Qualifying person. Under the Bill, fund managers may only qualify for the tax concession if they carry out investment management services, or arrange for such services to be carried out, in Hong Kong from the day they start providing such services to the fund, to the day when they receive the carried interest (“Applicable Period”). The investment management services must also not be partially carried on through a permanent establishment which the fund manager has outside of Hong Kong.
Employees, on the other hand, may only qualify for the concession if they are employed by a qualifying fund manager or an associate of such qualifying fund manager who carries on a business in Hong Kong. The employee himself must also provide investment management services in Hong Kong to qualify for the tax concession. The salaries tax concession only applies to the extent that the amount received by the employee is paid out of eligible carried interest that is exempt from profits tax under the concession. Fund managers and employees wishing to take advantage of the tax concession should take care to ensure that the terms of employment are appropriately drafted and relevant documentation is maintained to establish the nexus between payments to employees and the carried interest.

Substantial activities requirement. Under the discussion paper, it was suggested that the fund manager must have on average two full-time employees in Hong Kong who carry out investment management services, and incur expenditures of HKD 2 million in Hong Kong in providing the investment management services for each year of assessment in which the concession is sought to be claimed. The Bill clarifies that these conditions must be satisfied during the entire Applicable Period. In addition, even if the conditions are satisfied, the Inland Revenue Department (IRD) may still disallow the concession if it considers that the average number of full-time employees and the total amount of operating expenditure incurred are inadequate.
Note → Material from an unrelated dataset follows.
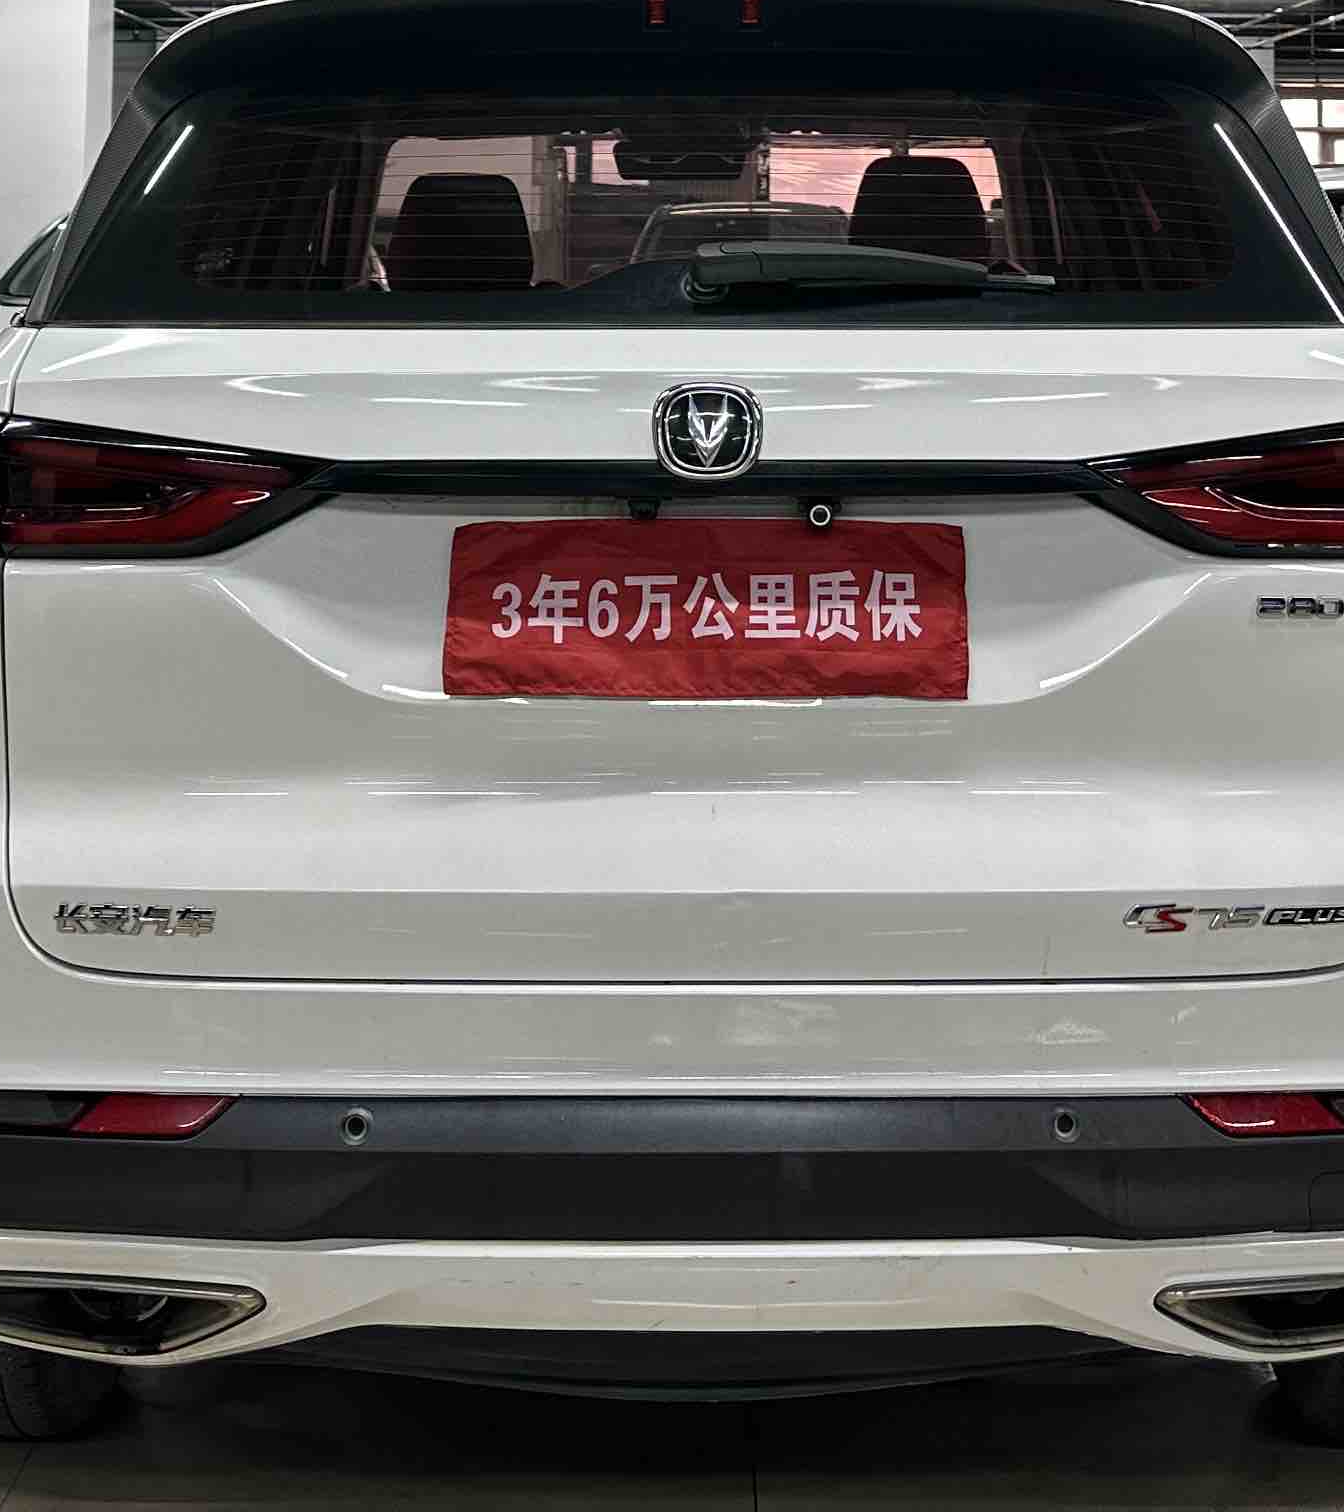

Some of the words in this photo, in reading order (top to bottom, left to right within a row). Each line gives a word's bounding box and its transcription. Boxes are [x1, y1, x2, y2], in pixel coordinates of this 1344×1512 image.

Detailed information and record retention requirements. The Bill contains detailed information and record retention requirements. Qualifying fund managers must, for instance, provide information relating to any eligible carried interest which it receives, and details regarding employees who receive eligible carried interest, to the IRD, and retain sufficient records to enable the accuracy and completeness of payments or accruals of carried interest to be ascertained for a seven-year period. Qualifying payers (i.e., certified investment funds and other qualifying payers) are also subject to similar record retention requirements. Failure by qualifying payers to do so may render any carried interest which they pay ineligible for the tax concession.
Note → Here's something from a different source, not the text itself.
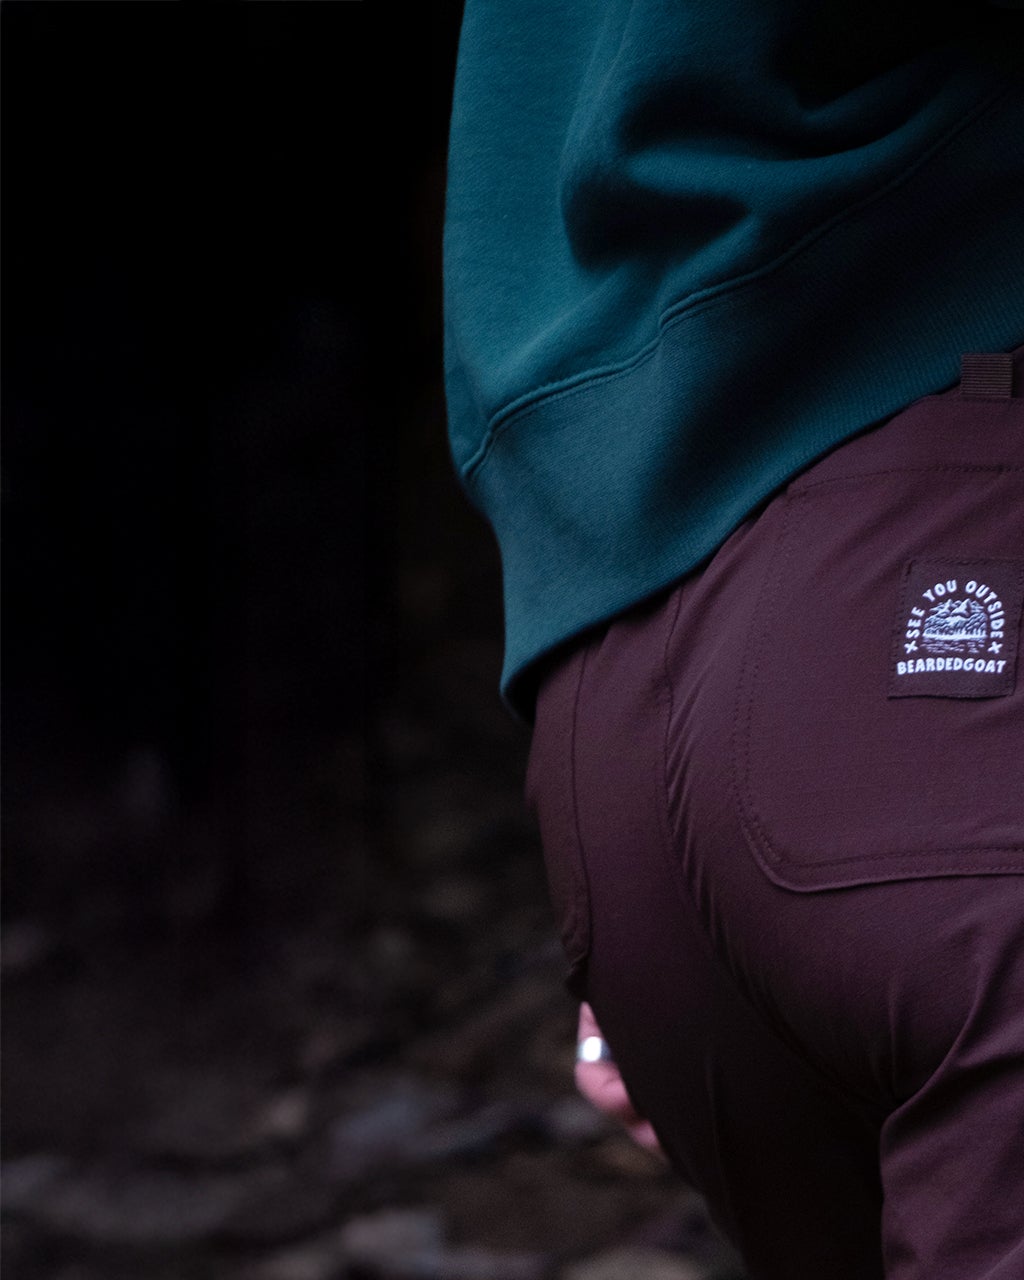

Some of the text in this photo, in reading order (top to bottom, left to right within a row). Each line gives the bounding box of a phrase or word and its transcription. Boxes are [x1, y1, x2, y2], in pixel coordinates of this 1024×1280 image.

[906, 580, 1005, 638] SEE YOU OUTSIDE
[897, 657, 1006, 675] BEARDEDGOAT
Anti-avoidance provision. The Bill also includes a new specific anti-avoidance provision which applies to arrangements that have as one of their main purposes the obtaining of a tax benefit under the carried interest tax concession, whether for the person or any other person. This intends to serve as a catch-all to prevent abuse of the rules, such as where an arrangement has been disguised as an eligible carried interest scheme that satisfies all of the specified conditions. The need for this rule is questionable given the scope of this specific anti-avoidance rule appears to overlap with the general anti-avoidance provision.

Right to seek advice from the HKMA. We also note that under the Bill, the IRD is expressly empowered to seek advice from the Hong Kong Monetary Authority in respect of any matter relevant to a person’s entitlement to the tax concession.